Instinctivement, je me détournai vers lord de Nerval. Il m’avait semblé percevoir un soupir un peu plus profond, agacé. Son regard était sombre. Heureusement, Allan n’avait rien remarqué.

Mrs McKenneth, tenant la main de Maddie, vint nous quérir peu après.

— Le dîner sera servi dans quelques minutes. La petite semble vous réclamer, mademoiselle Hadley.

Je les rejoignis et me penchai vers Maddie qui me tendait les bras avec supplication. Je la soulevai de terre avec un ahan d’effort.

— Tu es de plus en plus lourde mon trésor !

— Quel est son prénom ? me demanda lord de Nerval.

Je me retournai, surprise d’entendre enfin sa voix.

— Madeline. Nous l’appelons Maddie.

— C’est une jolie fillette.

 Il avait dit cela avec un air attendri qui me dérouta.

— Bonsoir Madeline, lança Allan.

Évidemment, elle ne répondit pas. Allan fit encore une tentative avant que je lui apprenne que Maddie ne parlait pas.

— Pour quelle raison ? s’enquit ce dernier.

— Nous l’ignorons. A-t-elle bien mangé ? demandai-je à Mrs McKenneth pour faire diversion.

La matrone me répondit par l’affirmative et je m’éclipsai en sa compagnie afin de la mettre au lit.

— Je vous rejoins pour le dîner, lançai-je alors que je sortais.
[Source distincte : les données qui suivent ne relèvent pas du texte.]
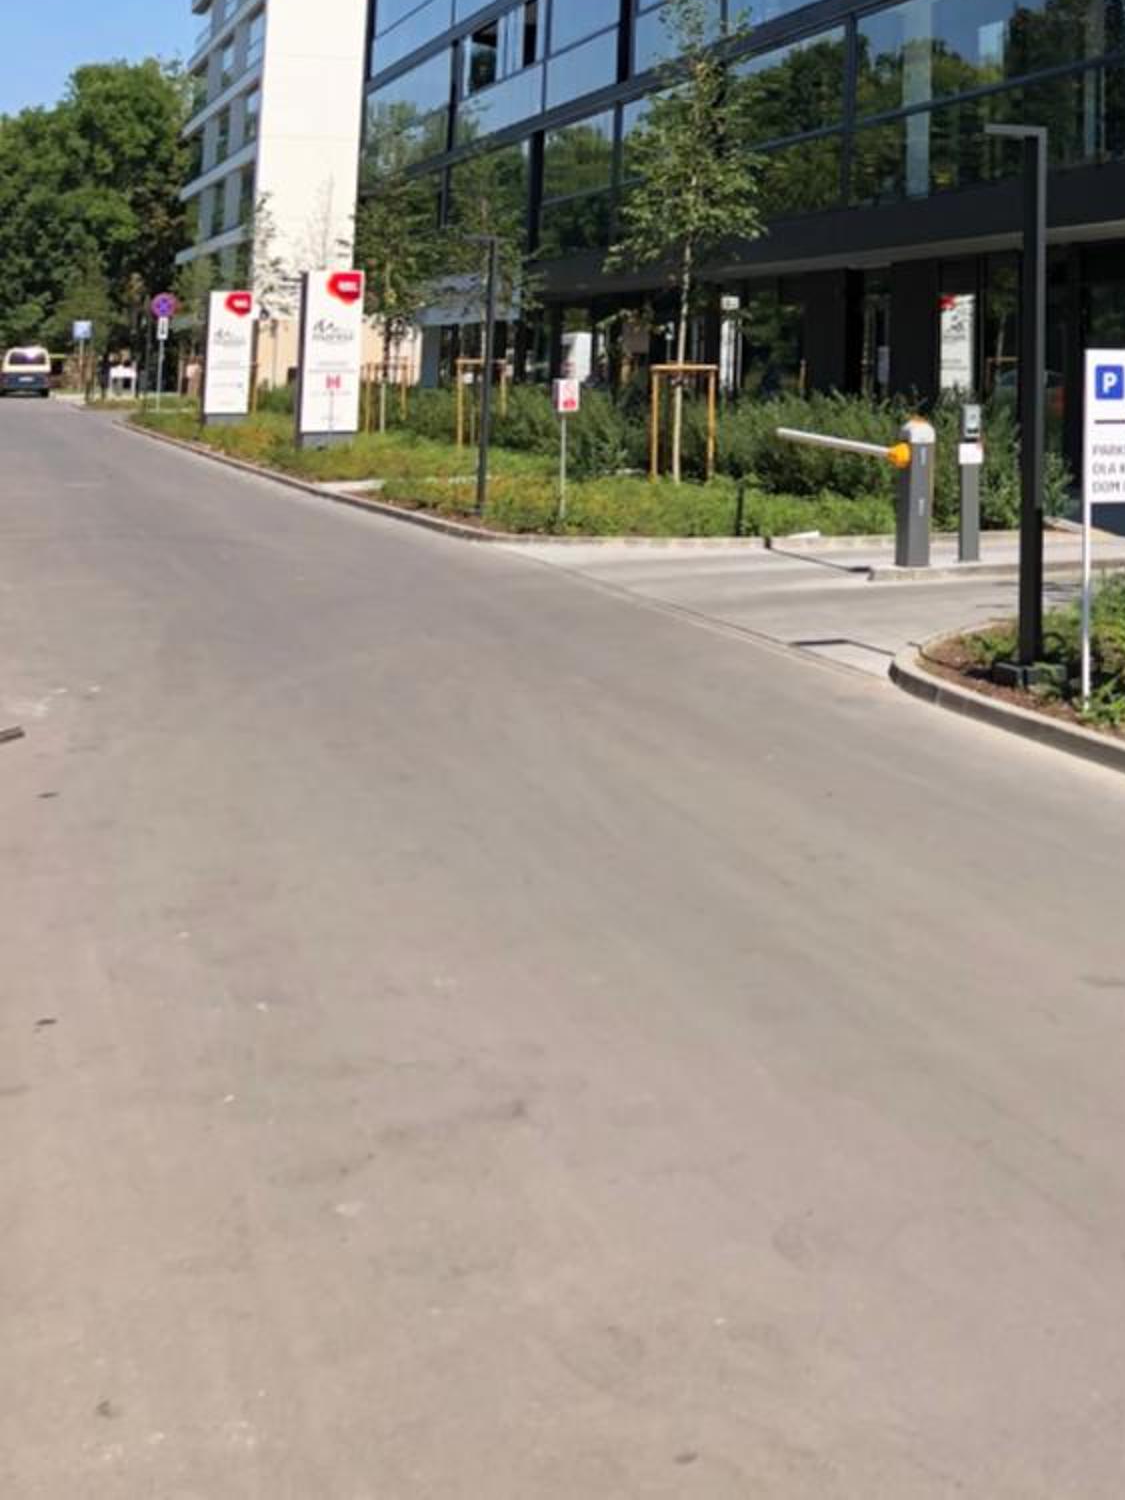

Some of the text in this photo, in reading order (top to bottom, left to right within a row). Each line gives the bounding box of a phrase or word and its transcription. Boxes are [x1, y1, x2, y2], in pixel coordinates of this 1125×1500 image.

[1102, 371, 1118, 395] P
[1092, 461, 1117, 475] DLA
[1092, 480, 1120, 494] DOM
Maddie ne put s’endormir tout de suite. Elle n’était pas dans un environnement connu et se redressait sans cesse dans son petit lit. Elle avait dormi durant le voyage, bercée par les cahots de la voiture et n’était pas si fatiguée. Mrs McKenneth revint me chercher une demi-heure plus tard, s’inquiétant de mon absence au dîner.

— Pourquoi ne pas la coucher dans la chambre des enfants ? Il y a le fils d’Emily et les enfants de Faith, ils ont à peu près le même âge et il y a toujours quelqu’un pour les surveiller, me proposa-t-elle quand mon estomac gronda.

— C’est une excellente idée ! Elle a l’habitude de dormir avec ses aînés, la présence d’autres enfants l’apaisera.

J’emportai donc Maddie dans la chambre en question dans laquelle les deux cadets dormaient déjà. La fille de Faith, de neuf ans, allait se mettre au lit et garderait un œil sur les autres. Comme prévu, la petite s’endormit plus vite. Toutefois le dîner des maîtres était déjà achevé. Je me rendis aux cuisines pour manger quelque chose.

 

L’on m’avait attribué la même chambre que la semaine précédente. Je ne pris pas garde immédiatement au billet laissé sur le couvre-lit et ne le remarquai qu’en y déposant ma chemise et ma cape. C’était une feuille de papier épais pliée en quatre sur laquelle était simplement inscrit :

« Rejoins-moi dans l’écurie. J. »

Un indicible mélange d’excitation, de crainte et de bonheur me souleva le cœur d’un coup, comme si je venais de chuter. J’eus des vertiges et mon ventre se noua. Je me laissai choir sur le lit en tentant de reprendre une respiration régulière.

Ce fut dans un état second que je me rafraîchis et arrangeai ma mise. Je conservai la robe de lin bleue que je portais, simple mais flatteuse. Je défis ma chevelure en chignon et y passai le peigne. Tout au long de mes préparatifs, je ne cessai de me demander pour quelle raison lord de Nerval souhaitait que l’on se voie en cachette dans un tel lieu, et surtout, ce qu’il avait en tête. Quoi que l’avenir me réservât, pas un instant je ne reculai face à l’injonction de ce rendez-vous, et pas un instant, même, je ne songeai à ses conséquences.